The front page (usually) updates every week. And it is just a static page.


22 April 2019

I am officially a Canadian.

[O Canada, blah blah blah, we stand on guard for thee...]

Friday, April 5th. The vaunted envelope containing my Confirmation of Permanent Residence arrived in the mail. This was the moment that I had spent the last 29 months working to achieve...and had contemplated as early as 2002.

I wasn't quite done, though. For a Canadian immigrant to officially become a permanent resident, their letter must be validated. There are two ways to accomplish this:

  • Call up Immigration, Refugees and Citizenship Canada and schedule an appointment at an inland office.
  • Leave the country, come back, and present myself to Canadian officials at the border. (A.K.A. "flagpoling.")

I dread crossing the U.S.-Canadian border, and IRCC has started to discourage flagpoling in subtle and not-so-subtle ways...so I initially tried the inland option. One problem, though: The IRCC phone number is unplugged on Friday evenings and weekends. So I waited until Monday, navigated the phone tree...only to reach a recording imploring me to e-mail them instead. So I tried to do that...but after waiting a full week and a half with no response and no appointment, my patience was at an end.

So, I hatched a plan. I would drive to Port Huron, Michigan...the nearest port of entry on the U.S.-Canadian border. I would treat the trip as a tourist visit. And I would "land" as a permanent resident on the way back. I contemplated each step, fetched a copy of every immigration-related document I thought I might need, set the coffee machine...and waited for a new day.

[Blue Water Bridge, as seen from Michigan]

Next morning I grabbed my documents, grabbed my coffee, and pointed the car in the direction of the United States. The highway became ominously emptier and emptier the closer I got to the Blue Water Bridge...until I was on the bridge itself, where traffic was stopped dead in its tracks. I creeped forward in line at a snail's pace for the next half-hour, my clutch-pedal foot getting number and my heartbeat racing faster with each mounting minute. Would this be the nightmare of 2015 all over again?

Me: "Hello."
Agent: "Your identification?"
I hand over my U.S. passport, which the agent scrutinizes for a few moments.
Agent: "Citizen?"
Me: "Yes."
Agent, after a pause: "Did you say 'yes,' or 'US?'"
Me, trying hard not to chuckle: "Yes, and US!"
Agent: "Have you come through this port of entry before?"
Me: "Yes, in 2017."
Agent: "Where are you going?"
Me: "Port Huron."
Agent: "What do you plan to do there?"
Me: "I plan to visit the Fort Gratiot Lighthouse and Port Huron Museum." The agent pauses, and writes this down.
Agent: "Why do you want to visit the lighthouse?"
Me, having anticipated that question: "Because the Fort Gratiot Lighthouse is the oldest lighthouse in the state of Michigan."
Agent, after another pause: "And this museum you speak of...where is it?"
Me: "It's downtown."
Agent, handing my passport back: "Have a good day."
Me: "Thank you."

I had made it through. Now on American soil, I kept my word and immediately made tracks for the Fort Gratiot Lighthouse. It looked impressive, if a little lonely:

[Fort Gratiot Lighthouse]

From that point I went to town, making hay out of Port Huron for the next hour by looking for interesting things to photograph...much like I used to do in the days when Flickr was still a thing. Here's a small sampling of that:

[Houses, Port Huron] [Standard station, Port Huron] [Porcelain enamel storefront, Port Huron] [Huron Theatre, Port Huron]

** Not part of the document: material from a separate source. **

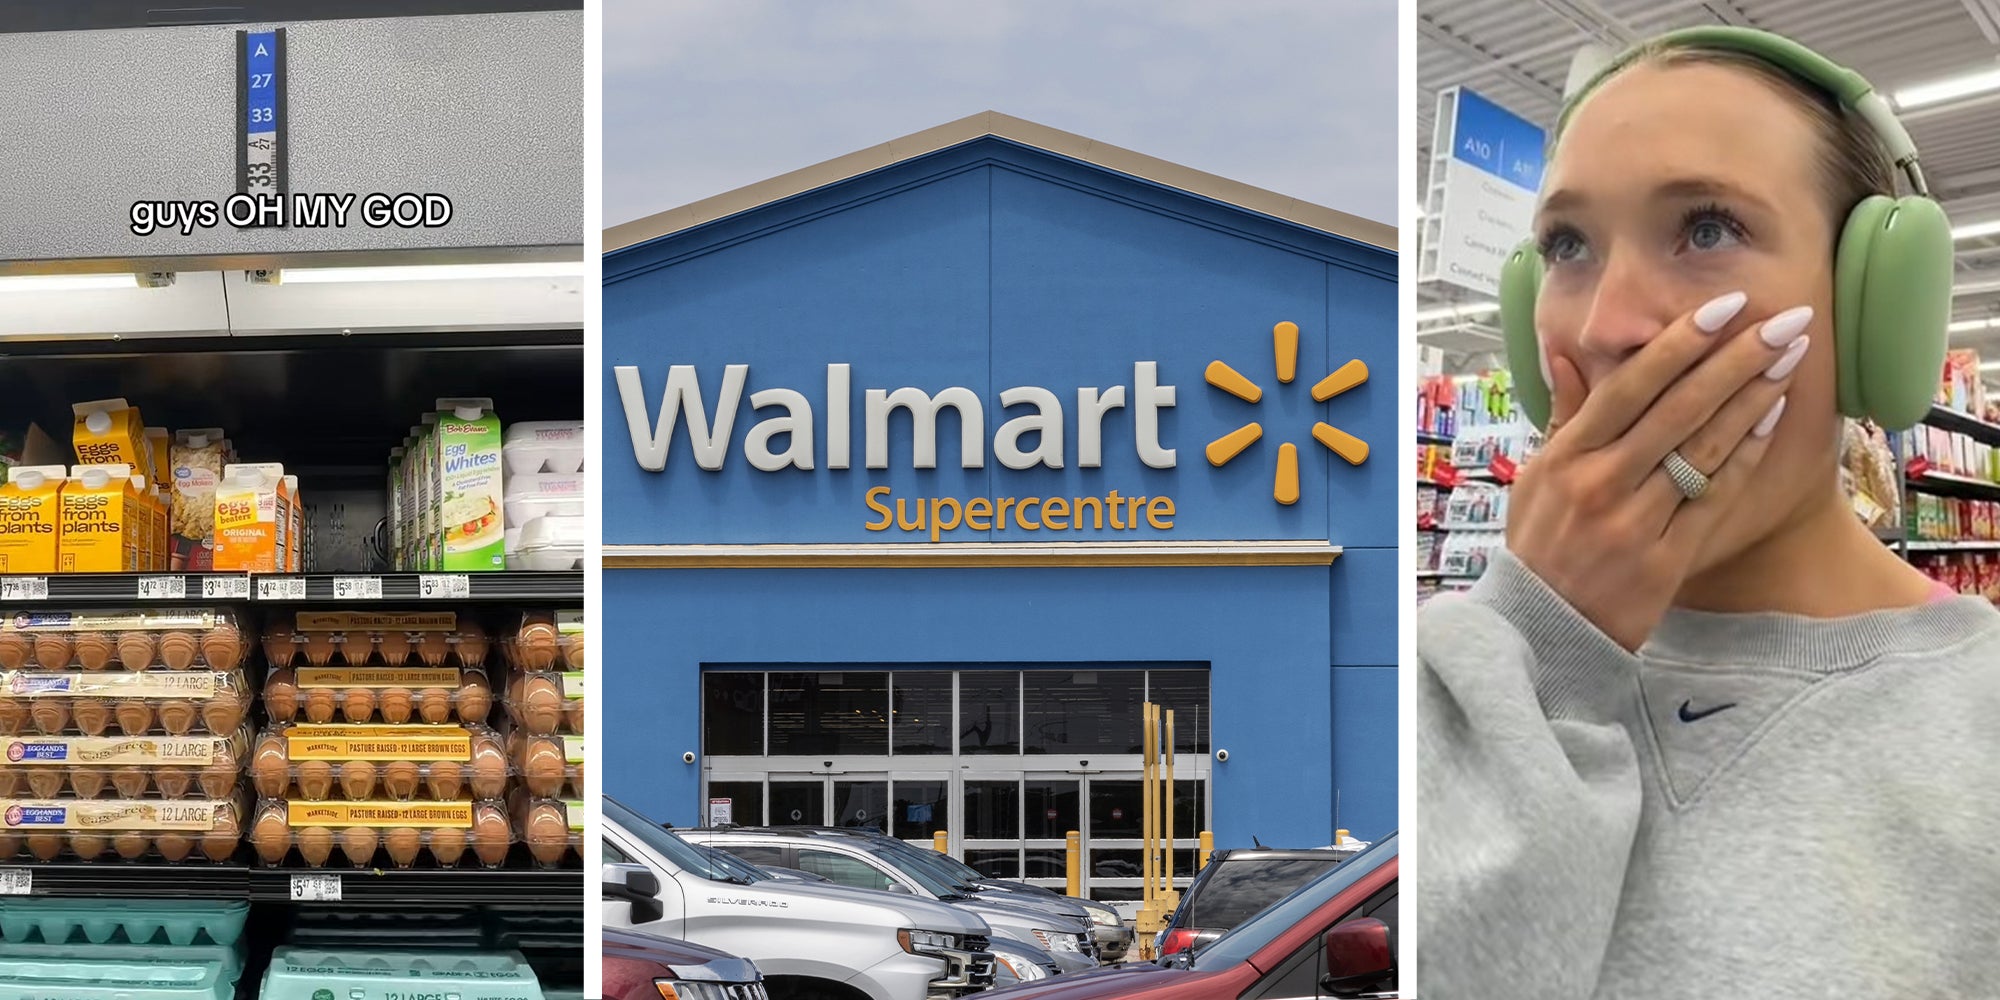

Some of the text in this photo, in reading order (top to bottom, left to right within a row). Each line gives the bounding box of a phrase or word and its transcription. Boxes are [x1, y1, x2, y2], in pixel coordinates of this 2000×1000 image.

I circled round, and eventually wound up in the vicinity of the museum downtown. I saw not a single other Ontario car on Port Huron streets. The U.S. police state has succeeded in scaring cross-border tourist traffic away.

After a bit of an adventure trying to buy gas (a Canadian address never fails to foul ZIP code calculators up), I had had enough. It was time to kiss Port Huron goodbye, land in Canada...and start the rest of my life.

I pulled onto the eastbound ramp leading I-94 to the 402, and paid the requisite four-dollar toll for the bridge. Traffic on the bridge moved much more quickly out of the States than into it. I was nervous...but also overcome with excitement. The conversation at the booth went something like this.

Me: "Hello."
Agent: "Your identification?"
I hand over my U.S. passport, which the agent scrutinizes for a few moments.
Agent: "What is your status in Canada?"
Me: "I currently have a work permit."
Agent: "Do you have the permit with you?"
Me, motioning to a stack of papers next to me: "I do! And today, I am landing."
Agent, raising his eyes with interest and enthusiasm: "Oh!!!!"

I'm handed my passport and a yellow piece of paper, and am motioned to proceed to the customs house just ahead. I pull in...and after a momentary spot of confusion trying to park and get out of the car, I walk inside with my paperwork in tow. Would there be a long line leading up to the "Immigration" window? Would I have to wait for hours to have my paperwork processed?

No: There's only one other person standing in line in the entire building. I approach the mat leading up to the "Immigration" window, and barely wait 30 seconds before someone calls me over. I announce that I'm landing, and I pull out the stack of documents I brought along...with the important ones (my passport, my work permit, and my Confirmation of Permanent Residence letter) on top. The official is about my age, and responds to my request without hesitation.

I'm directed to the waiting area, where a television set blares news about the latest depravities south of the border. I sit down, then get up to scrutinize the display cases of prohibited animal by-products that had been seized at the border.

Five minutes later, I hear my name. "Andrew?"

The official is ready to validate my paperwork. He goes over the requisite questions:

"Have you been charged or convicted of a crime or offence in any country, refused admission to Canada or required to leave Canada?"
"No."
"Have you any dependants?"
"No."

I sign and initial both copies of the confirmation letter, one of which remains with me. At that moment, it becomes official: I am a permanent resident of Canada.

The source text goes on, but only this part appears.